Good stuff. AARP is the Death Star of American entitlements, so if the GOP wants to reform Social Security and Medicare, they’re going to have to fire some photon torpedoes. This one could do a little damage: Seniors have always been wary that O-Care will siphon off money from Medicare, which makes it exceedingly odd that their chief lobbyist came out in support of the legislation. In fact, CBS reported in 2009 that up to 60,000 seniors had canceled their memberships in disgust over it. Hence the political value of today’s report: On the eve of a Republican push on entitlements, the GOP’s planting another seed of doubt in seniors’ minds about AARP’s integrity. Won’t be decisive, but since fiscal conservatives are going to be smeared nine ways to Sunday once our “adult conversation” on mandatory spending begins, the opposition should be made to answer for its sins too.
# Since 2002, income generated from AARP membership dues has increased 32%, or $60 million. However, during this same period, income derived from AARP’s business relationships, primarily with insurance companies, has nearly tripled, increasing by $417 million. Royalty payments from for-profit companies comprised nearly 46% of AARP’s revenue in 2009, while membership dues totaled just 17% of total revenues.
# As a result of the new health care law, the Obama Administration estimates more than 7 million seniors will lose their current Medicare Advantage plans, resulting in a massive migration of seniors to Medigap plans. AARP is the nation’s leading provider of Medigap plans and has a contract in which AARP financially gains for every additional Medigap enrollee.
# Based on low, mid and high-range estimates, AARP stands to financially gain, over and above the millions of dollars they currently receive from United, between $55 million and $166 million in 2014 alone as a result of new Medigap enrollees stemming from the health care law’s cuts to MA, which AARP strongly endorsed.
# Under the midrange estimate and under their current contract, AARP’s financial gain from the health care law could exceed $1 billion during the next 10 years. This is because AARP will see their royalty payments increase as seniors are forced out of MA plans and buy AARP Medigap plans instead.
More from the AP, noting that the Republicans behind the report are now calling on the IRS to probe AARP’s tax-exempt status:
The business side of the organization runs money-making enterprises. The most lucrative involves “branding” a series of health insurance plans for seniors and older adults with the AARP name, akin to the Good Housekeeping seal of approval.
The public policy side is a civic organization that acts as a watchdog over Social Security and Medicare, representing 37 million members and consumers generally. Boards overseeing the business and tax-exempt social policy branches have overlapping directors.

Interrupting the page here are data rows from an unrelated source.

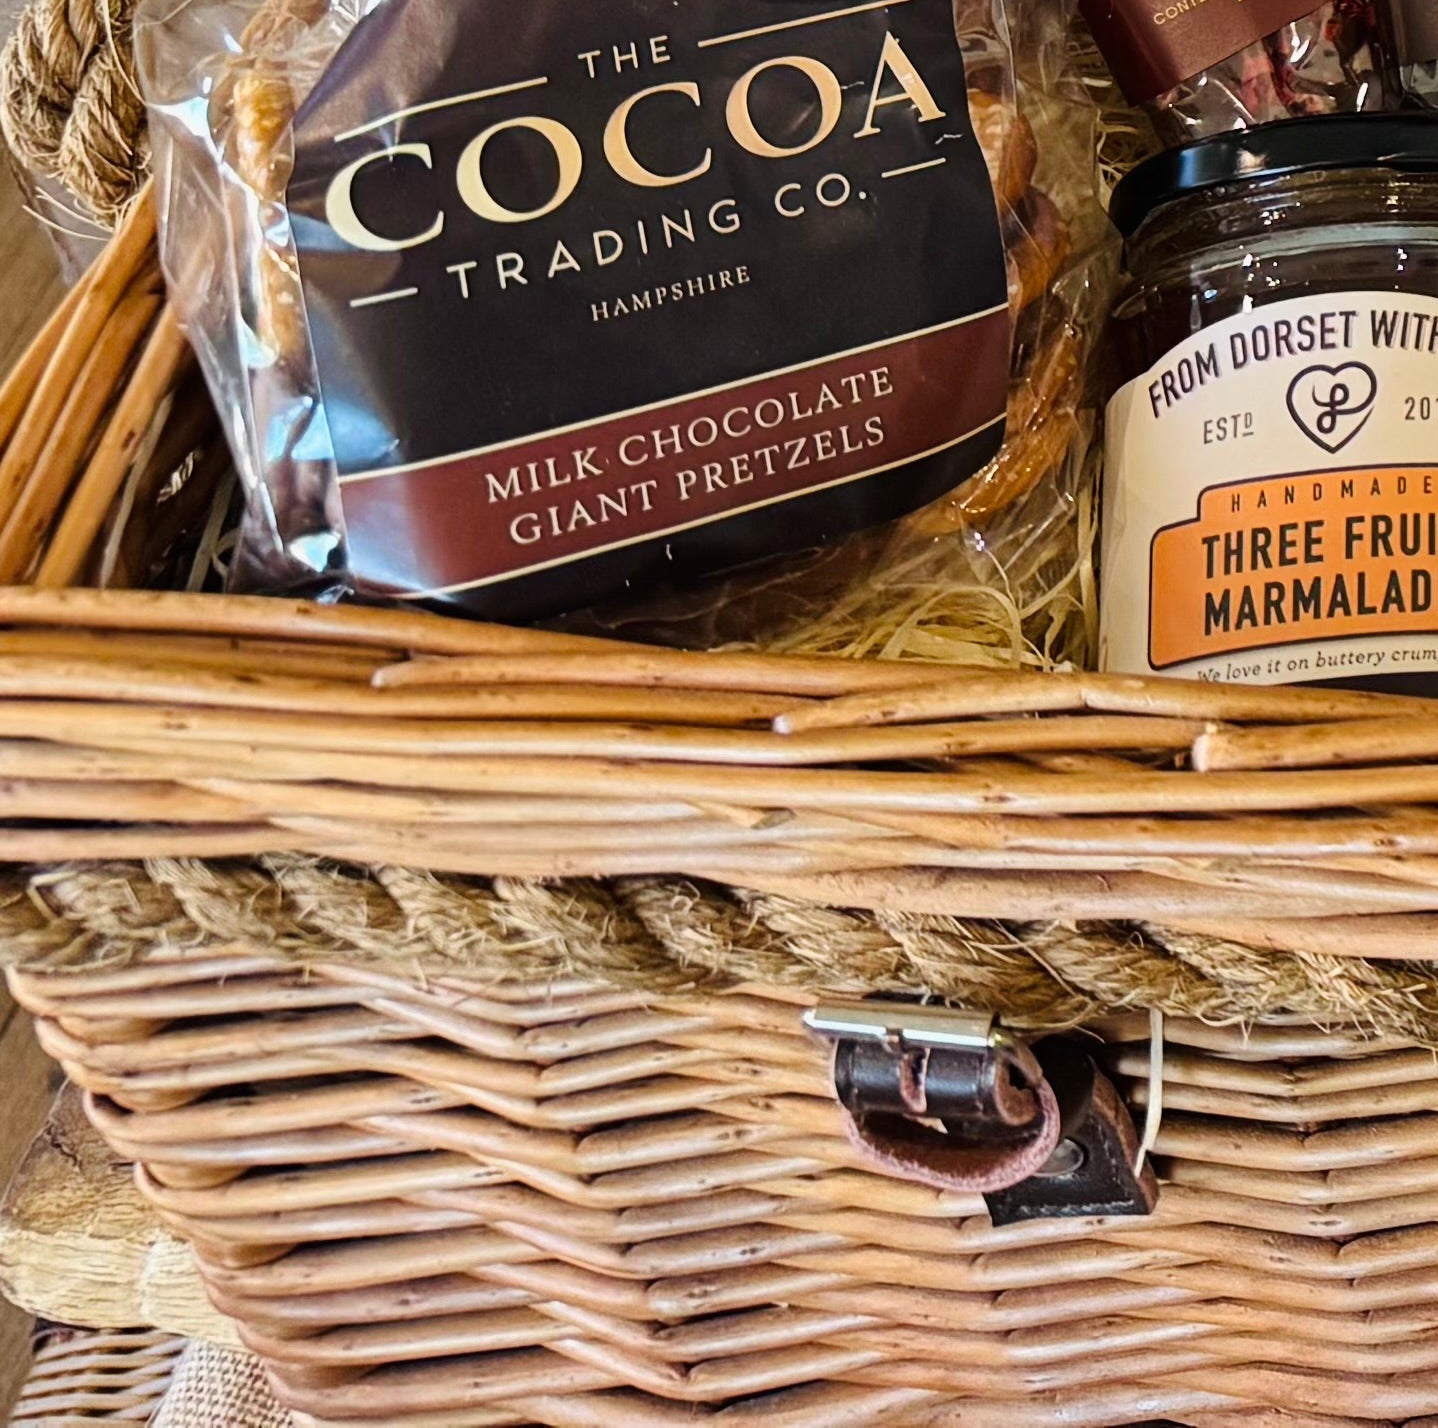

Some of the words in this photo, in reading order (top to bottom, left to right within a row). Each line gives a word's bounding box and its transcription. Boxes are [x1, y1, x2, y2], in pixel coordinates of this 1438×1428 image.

[324, 30, 946, 253] COCOA
[591, 265, 752, 322] HAMPSHIRE
[509, 480, 659, 546] GIANT
[678, 416, 889, 503] PRETZELS
[1202, 520, 1326, 579] THREE
[1315, 646, 1385, 670] buttery
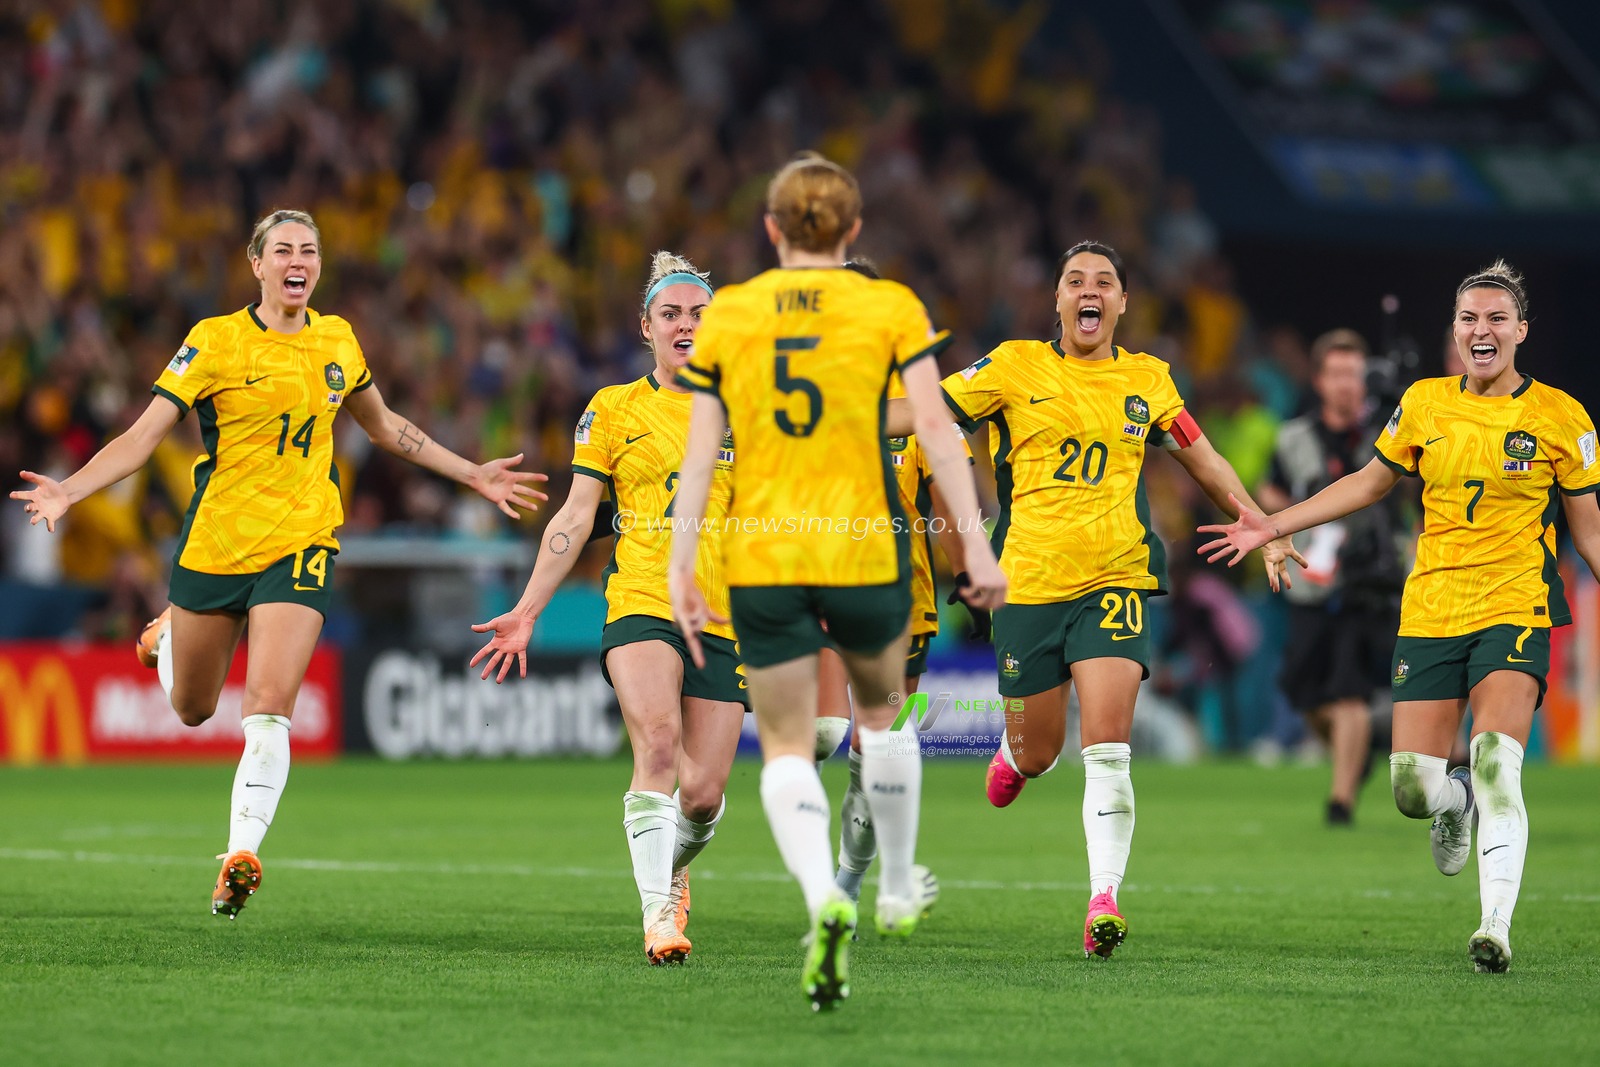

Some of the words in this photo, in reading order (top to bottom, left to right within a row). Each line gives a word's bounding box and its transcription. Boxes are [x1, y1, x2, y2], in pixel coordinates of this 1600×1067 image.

[775, 289, 822, 313] VINE
[774, 336, 823, 438] 5
[277, 413, 318, 458] 14
[1053, 438, 1108, 486] 20
[1463, 479, 1485, 524] 7
[292, 549, 328, 587] 14
[1099, 591, 1143, 634] 20
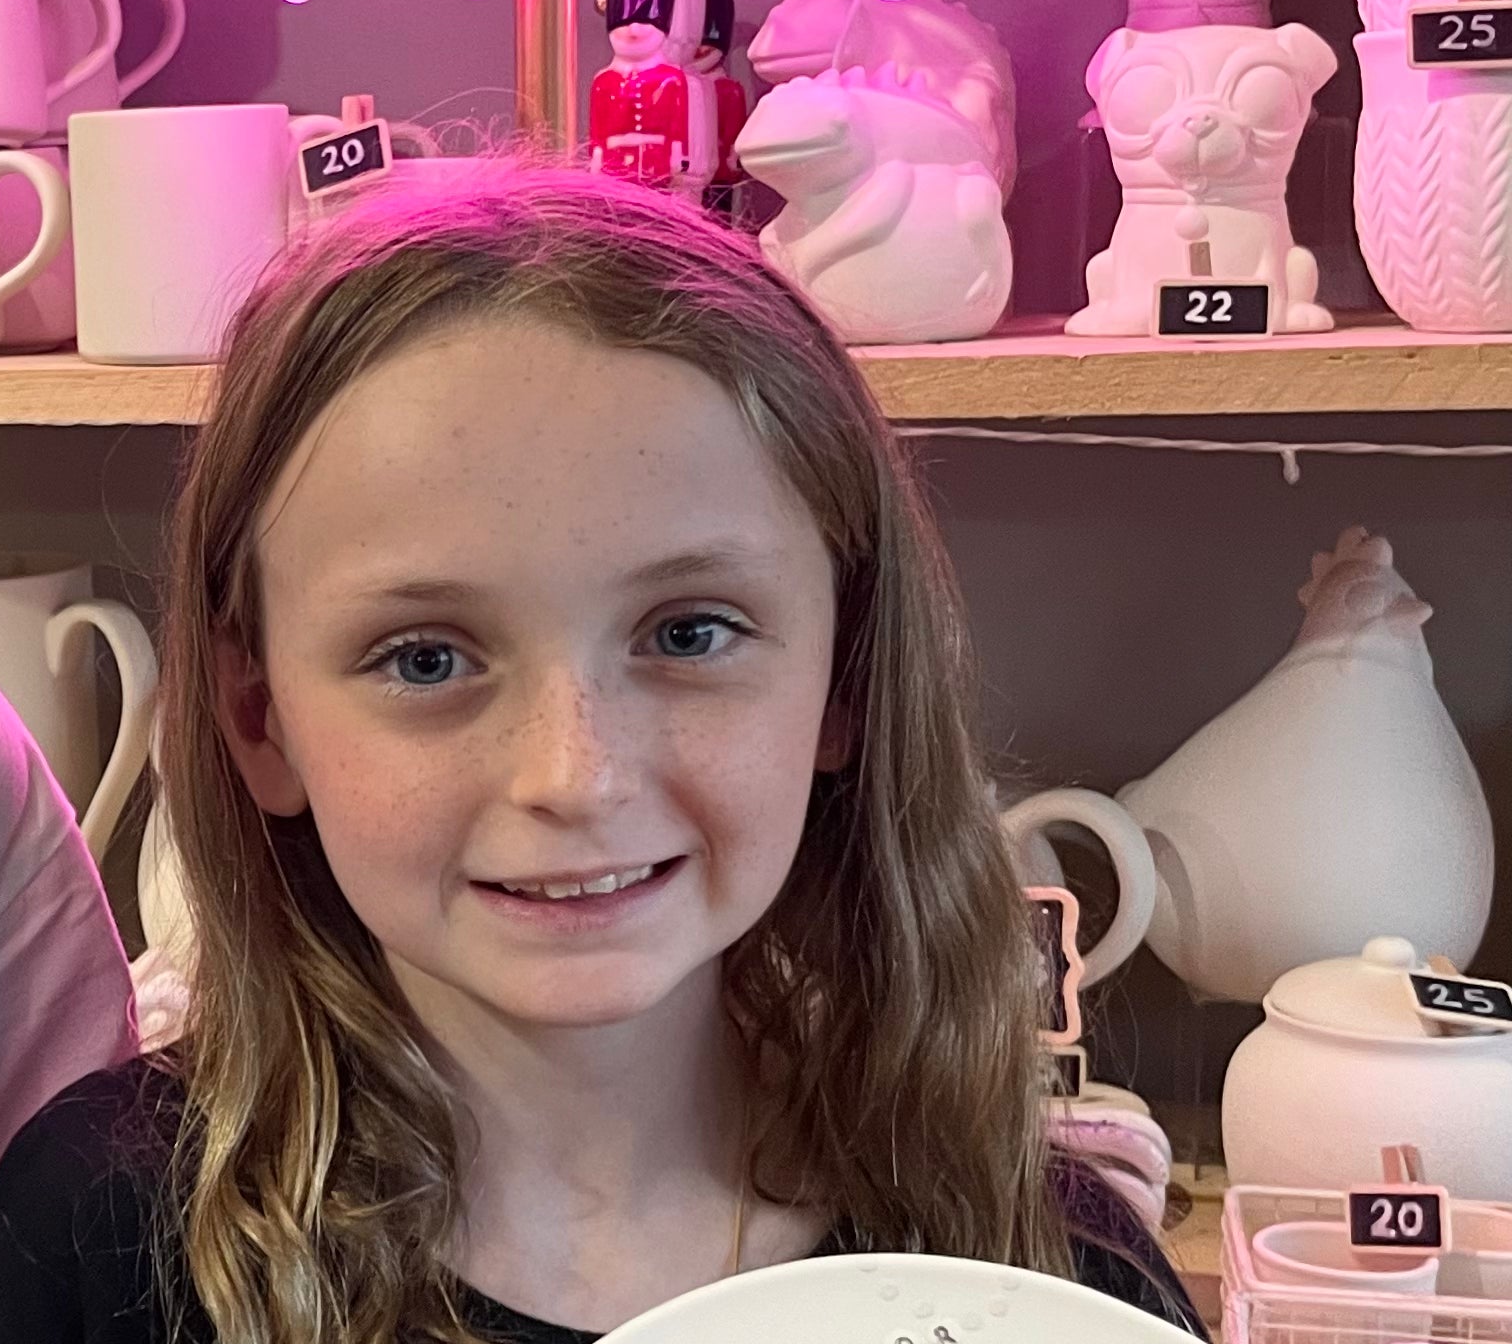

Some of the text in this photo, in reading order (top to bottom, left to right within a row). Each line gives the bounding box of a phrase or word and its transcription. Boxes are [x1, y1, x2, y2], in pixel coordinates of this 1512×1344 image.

[1438, 14, 1496, 50] 25
[321, 139, 365, 175] 20
[1184, 290, 1232, 323] 22
[1428, 983, 1495, 1014] 25
[1370, 1198, 1423, 1238] 20
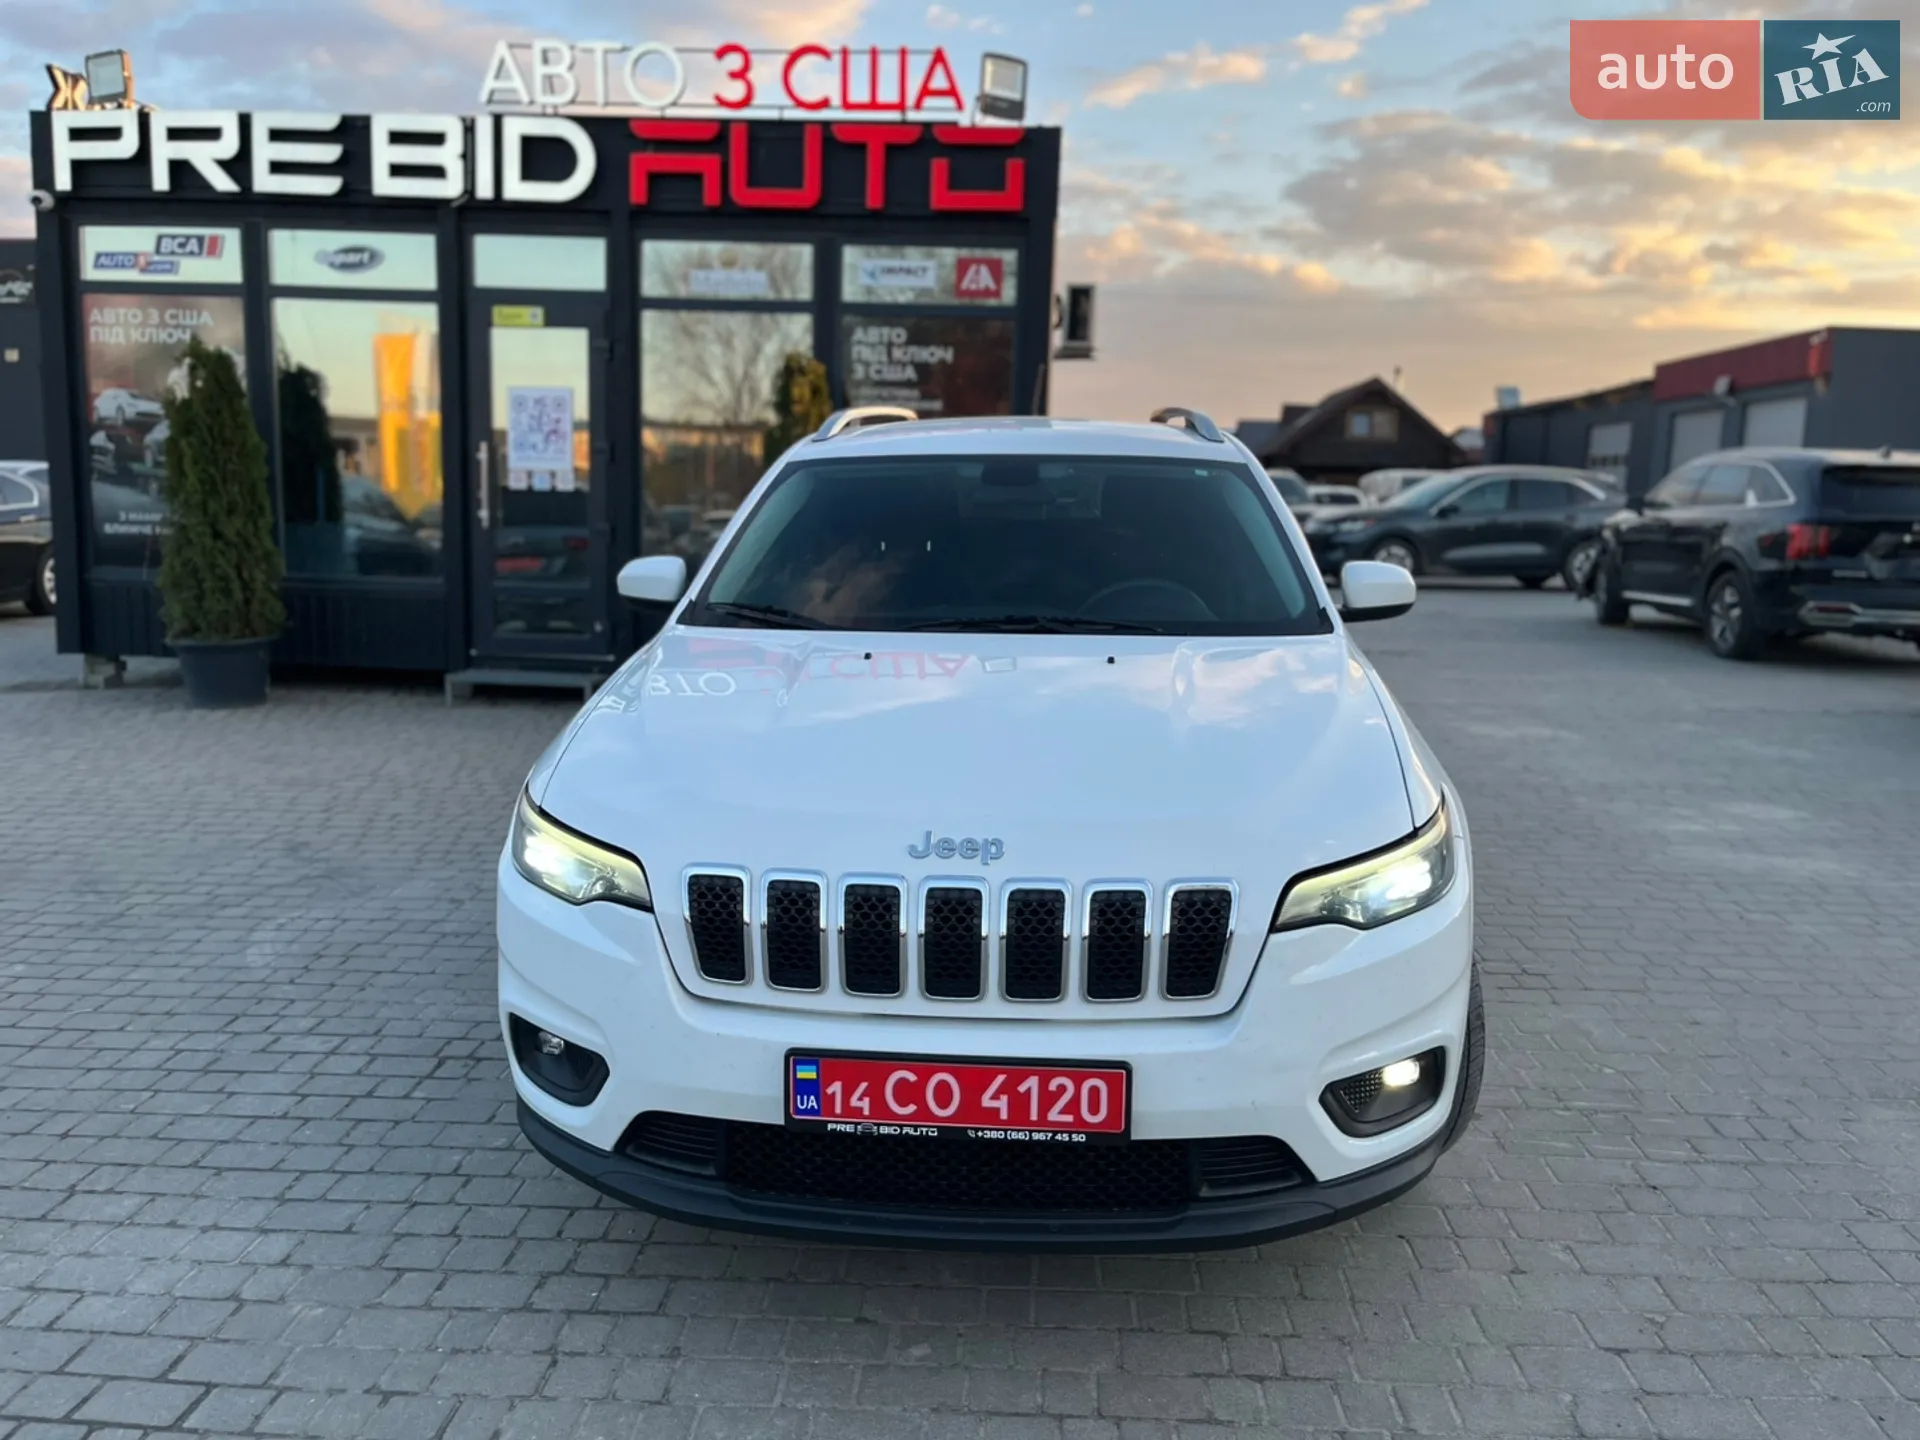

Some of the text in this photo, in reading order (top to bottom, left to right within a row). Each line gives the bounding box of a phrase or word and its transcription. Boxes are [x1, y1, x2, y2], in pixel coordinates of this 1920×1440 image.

Royalties from licensing the use of AARP’s name earned $657 million for the organization in 2009, or nearly half its total revenue, according to publicly available records. Health insurance plans accounted for most of that.
“During this investigation it became very clear that despite its privileged tax-exempt status, in many cases, AARP represents a for-profit entity, in fact, an insurance company,” Boustany said.
It’s like Oprah for seniors, if Oprah had made it her life’s work to defend unsustainable levels of federal spending. For more, read Robert Bluey’s post at Red State reminding us that it was Bush’s Medicare Part D bill that first started pouring money into AARP’s coffers. Look on the bright side: If the left ever does make a serious move towards single-payer, the Death Star will be there to protect its new Medigap insurance racket. Silver lining, no?